El agua apura a los pobres de la ribera

La precarización de la calidad de vida es la cara visible de la inundación, que estos días genera nuevos damnificados que suman necesidades en los “barrios apuro”.

El comportamiento cíclico del río Paraguay no se hizo esperar mucho para mostrar su lado fuerte y dejar sin hogares a millares de familias ribereñas que van a buscar refugio en las alturas, en otro cíclico vaivén que no tiene fin.

El río Paraguay clavó su marca hidrográfica este viernes a menos de 10 centímetros de su marca crítica, que los pronosticadores estiman no sucederá en lo que resta del año.

Los damnificados son pasibles de un plan de contingencia de la Secretaría de Emergencia Nacional, que prevé la reinstalación provisoria en lugares públicos acondicionados, que incluyen la provisión de alimentos básicos y agua.
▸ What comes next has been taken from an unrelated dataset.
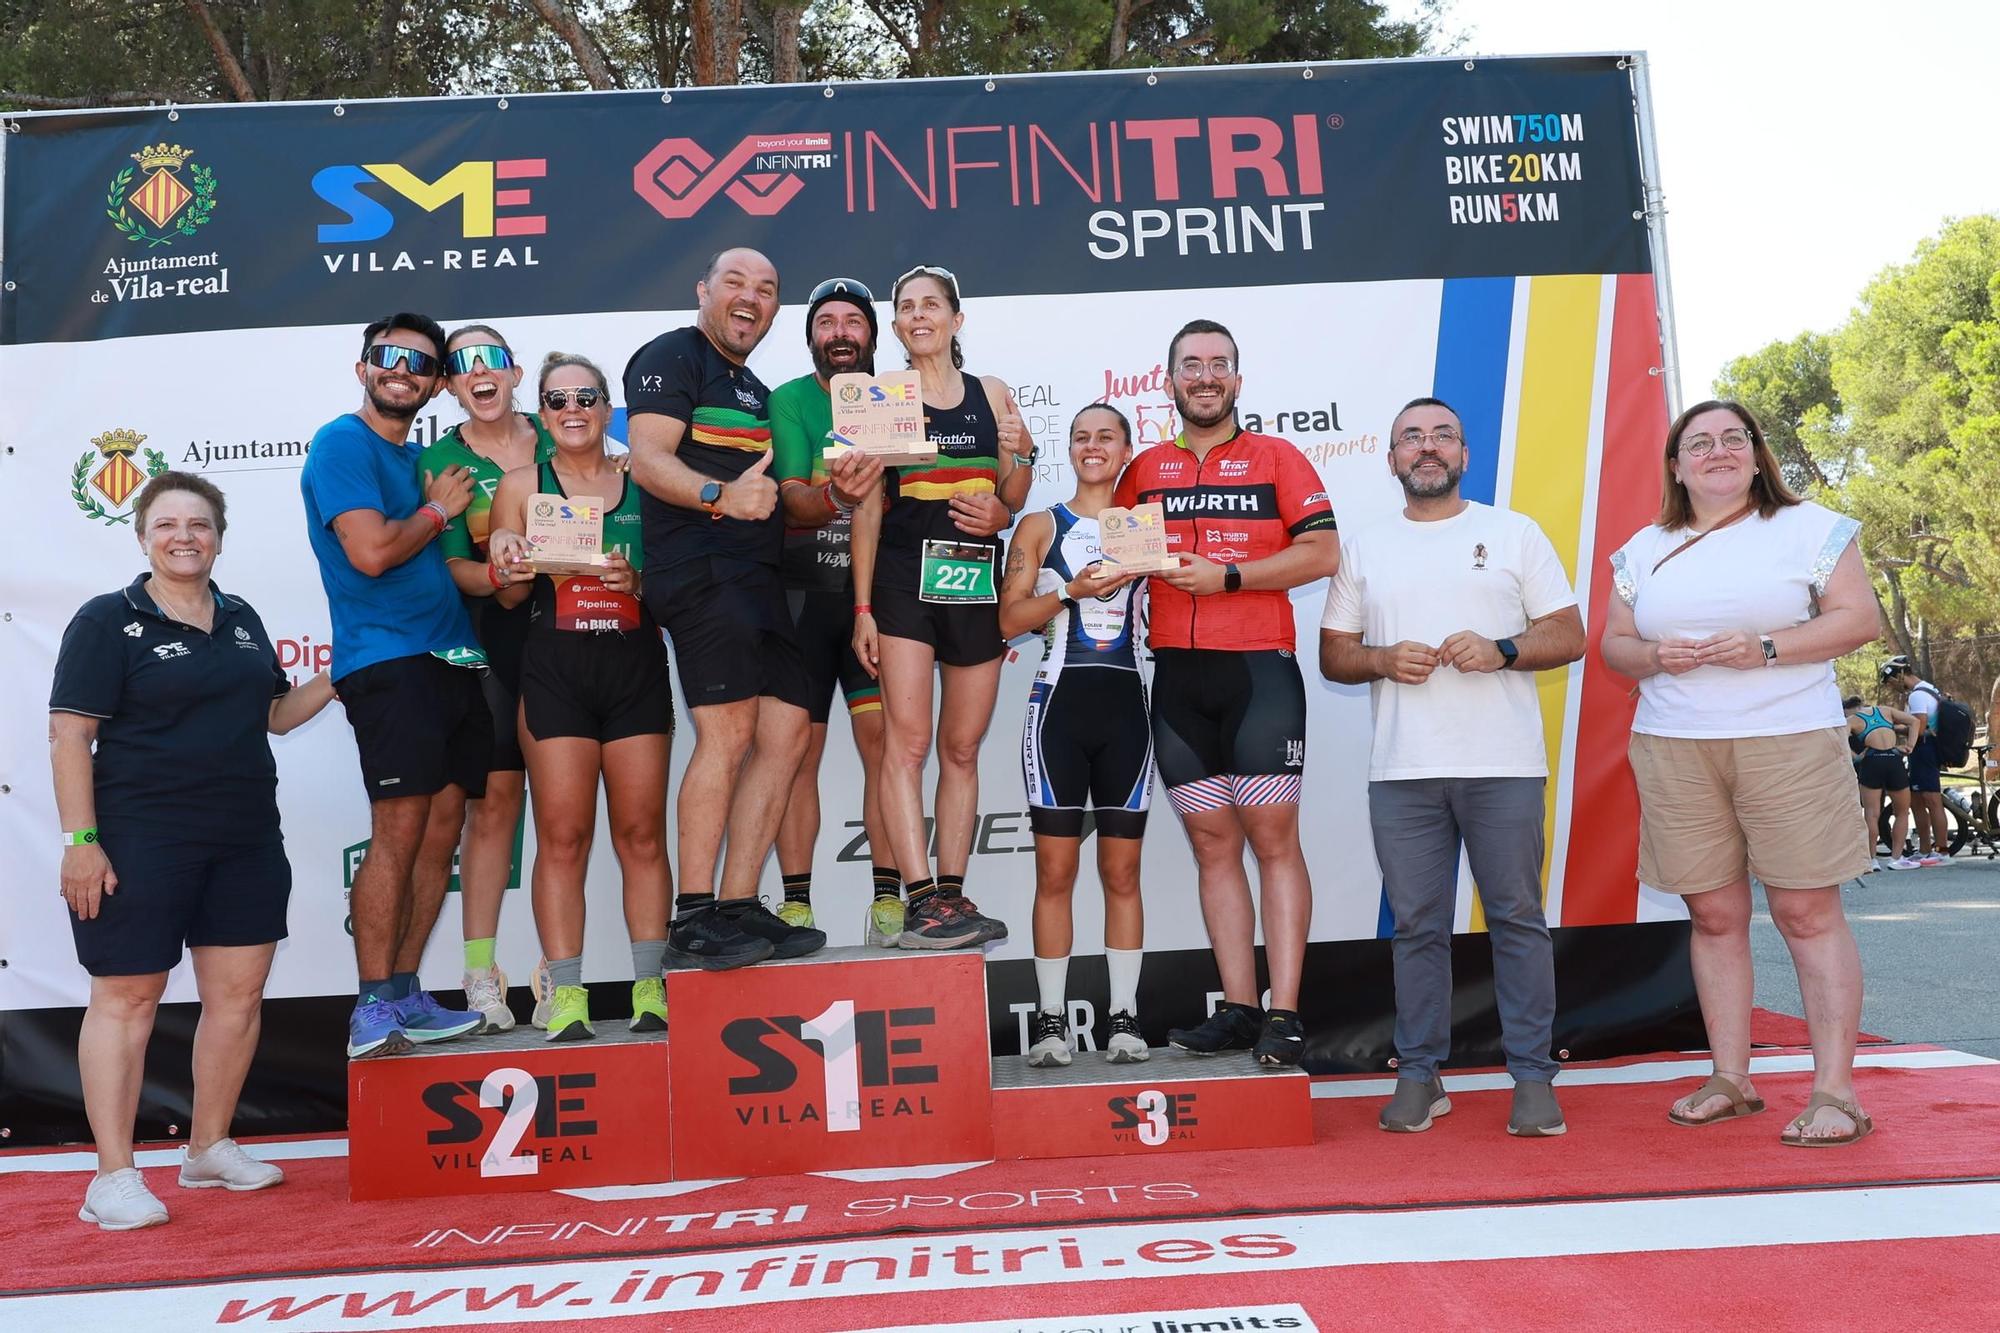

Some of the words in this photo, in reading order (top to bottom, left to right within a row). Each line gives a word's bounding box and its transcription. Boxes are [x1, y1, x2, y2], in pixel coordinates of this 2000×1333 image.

La sucesión de necesidades, sin embargo, ha generado un cúmulo de descontento, especialmente de familias que alegan no recibir las raciones prometidas.

A diferencia de años anteriores, en esta ocasión no hará mucho frío, aunque Salud Pública alertó acerca de la prevalencia de enfermedades de estación, que ya se hicieron sentir con fuerza en algunos campamentos, especialmente la epidemia de influenza que azota a la población y registra un promedio de 6.000 consultas por día.